ACTIVITY - Of the lines below, reproduce exactly those from the line containing "Some of the text" to the end, including both the first and the last.

RECORDS SHOWN -
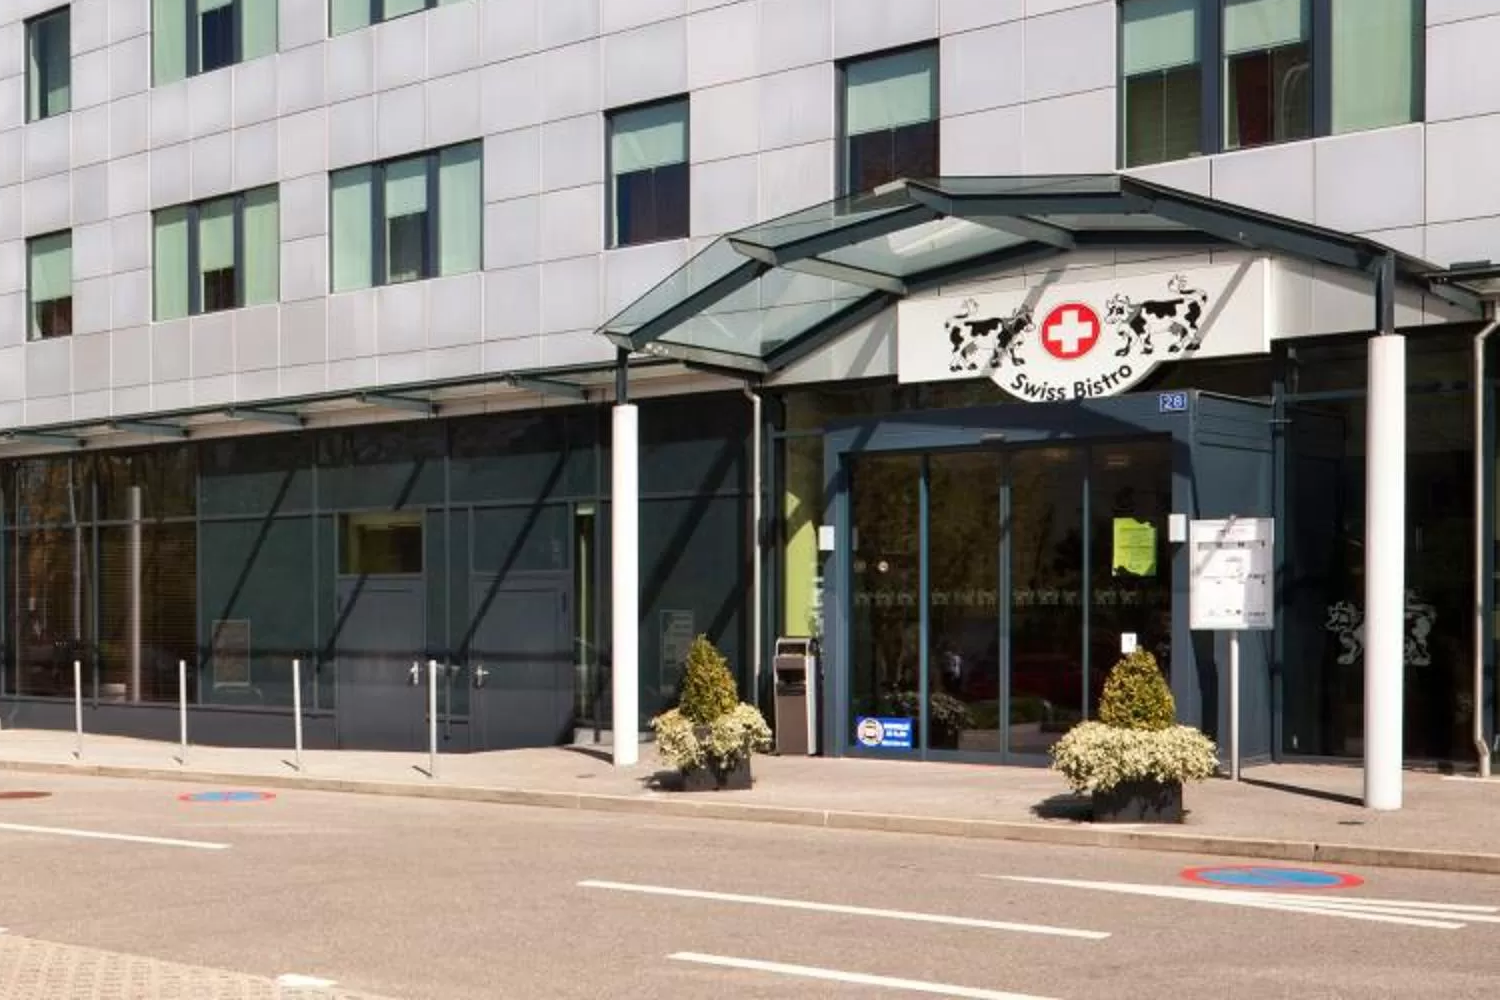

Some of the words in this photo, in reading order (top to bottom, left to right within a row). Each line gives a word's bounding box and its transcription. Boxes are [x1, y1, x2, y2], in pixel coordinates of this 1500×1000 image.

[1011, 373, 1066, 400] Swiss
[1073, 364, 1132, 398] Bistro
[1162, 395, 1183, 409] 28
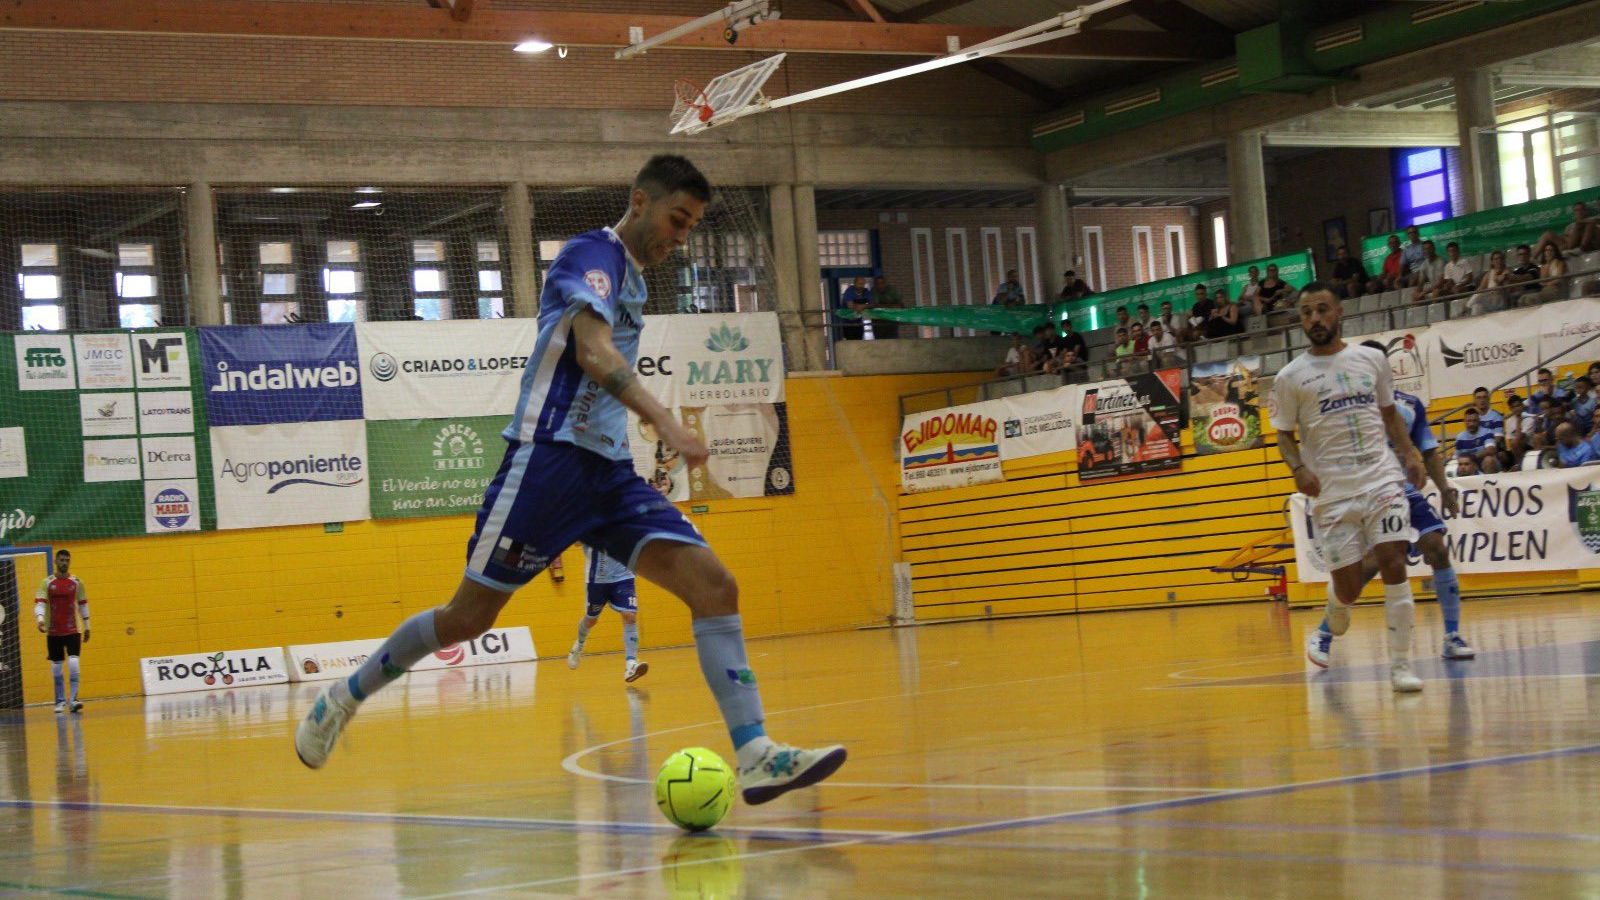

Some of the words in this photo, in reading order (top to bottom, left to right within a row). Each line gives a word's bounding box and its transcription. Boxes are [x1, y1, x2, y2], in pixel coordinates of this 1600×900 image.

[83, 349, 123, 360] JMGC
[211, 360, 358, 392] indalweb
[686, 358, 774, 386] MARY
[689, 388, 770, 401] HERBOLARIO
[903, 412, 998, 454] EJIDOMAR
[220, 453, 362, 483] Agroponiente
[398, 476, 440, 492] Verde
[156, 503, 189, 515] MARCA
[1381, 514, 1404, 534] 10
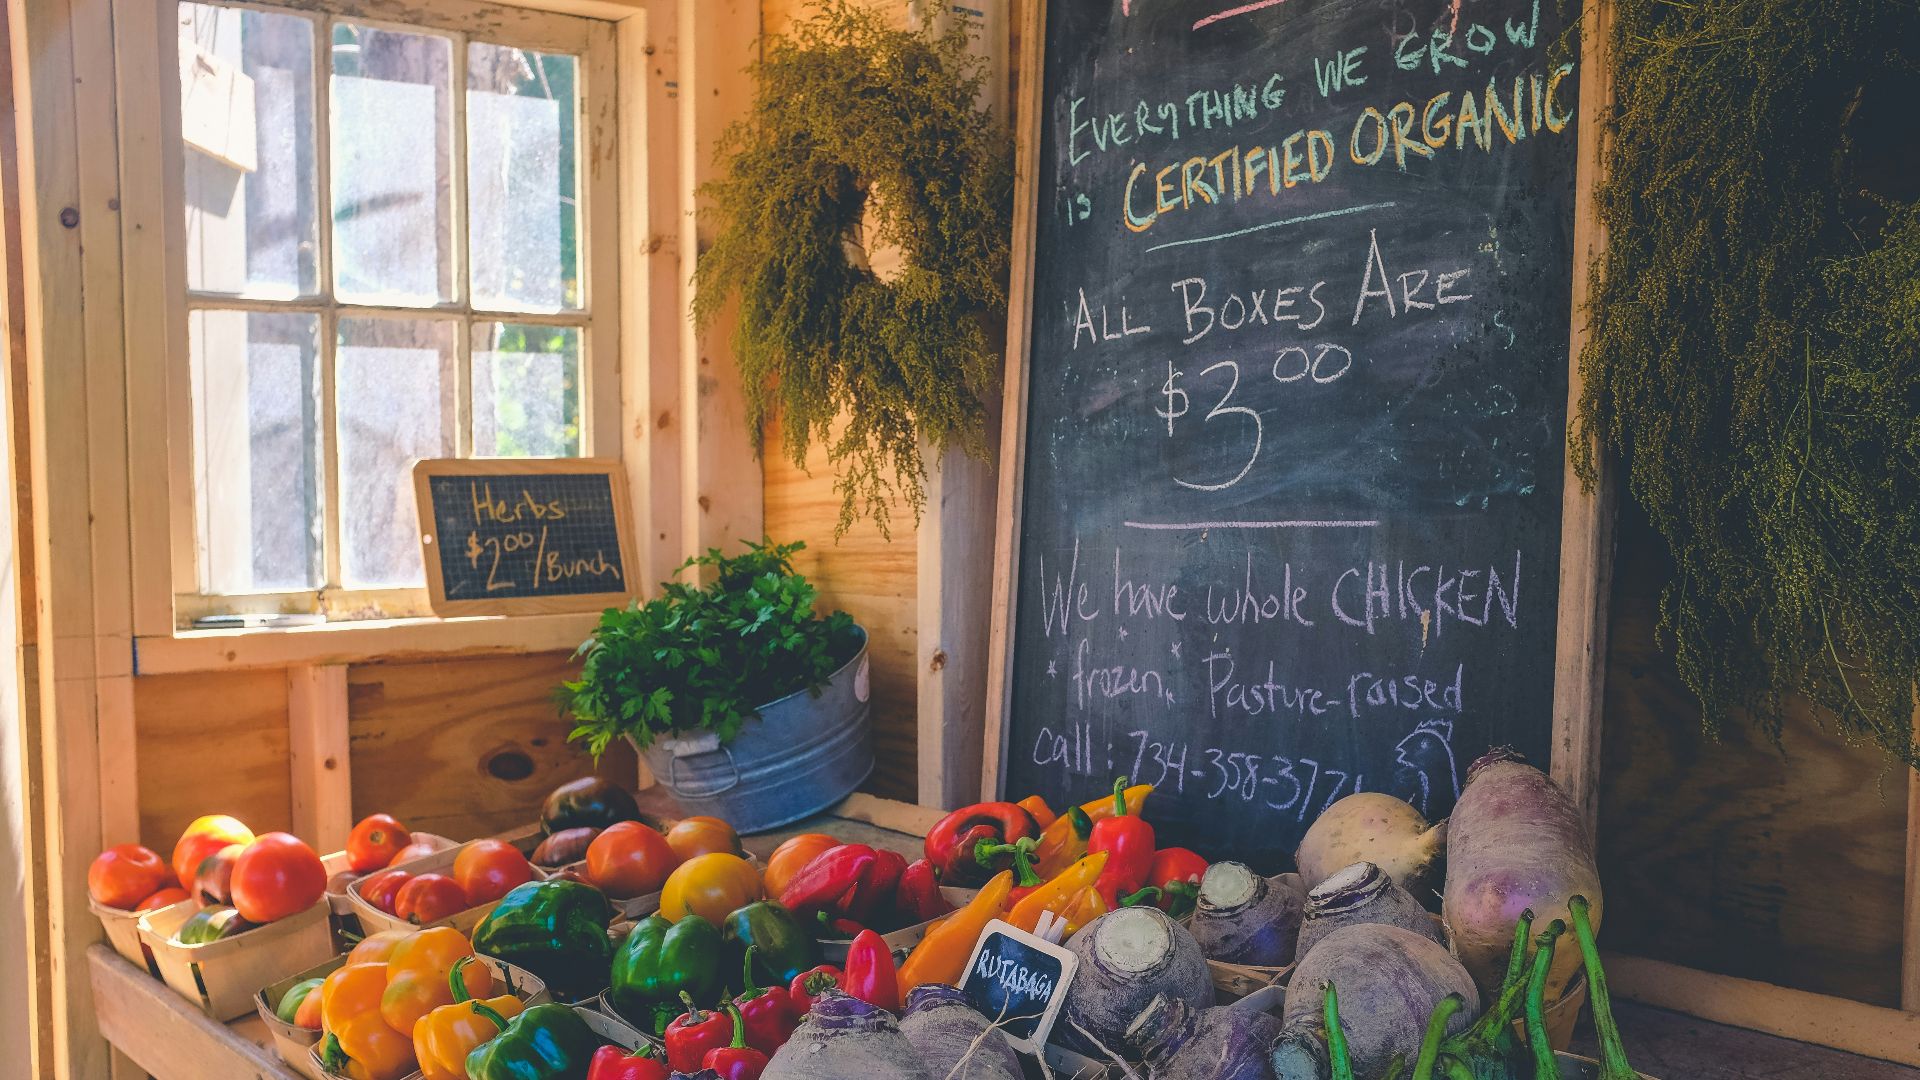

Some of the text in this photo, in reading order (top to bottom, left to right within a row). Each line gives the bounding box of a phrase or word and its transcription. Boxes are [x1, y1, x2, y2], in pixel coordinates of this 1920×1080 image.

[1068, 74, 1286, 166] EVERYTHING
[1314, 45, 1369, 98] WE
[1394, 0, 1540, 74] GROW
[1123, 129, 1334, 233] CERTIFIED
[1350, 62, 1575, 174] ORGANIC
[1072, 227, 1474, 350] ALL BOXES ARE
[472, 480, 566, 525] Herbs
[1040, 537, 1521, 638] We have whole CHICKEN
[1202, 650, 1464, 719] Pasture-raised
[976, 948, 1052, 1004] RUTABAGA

ANSWER FOR THIS EXERCISE -
Some of the text in this photo, in reading order (top to bottom, left to right within a row). Each line gives the bounding box of a phrase or word and its transcription. Boxes are [x1, y1, x2, y2], in pixel coordinates of this 1920×1080 image.

[1068, 74, 1286, 166] EVERYTHING
[1314, 45, 1369, 98] WE
[1394, 0, 1540, 74] GROW
[1123, 129, 1334, 233] CERTIFIED
[1350, 62, 1575, 174] ORGANIC
[1072, 227, 1474, 350] ALL BOXES ARE
[472, 480, 566, 525] Herbs
[1040, 537, 1521, 638] We have whole CHICKEN
[1202, 650, 1464, 719] Pasture-raised
[976, 948, 1052, 1004] RUTABAGA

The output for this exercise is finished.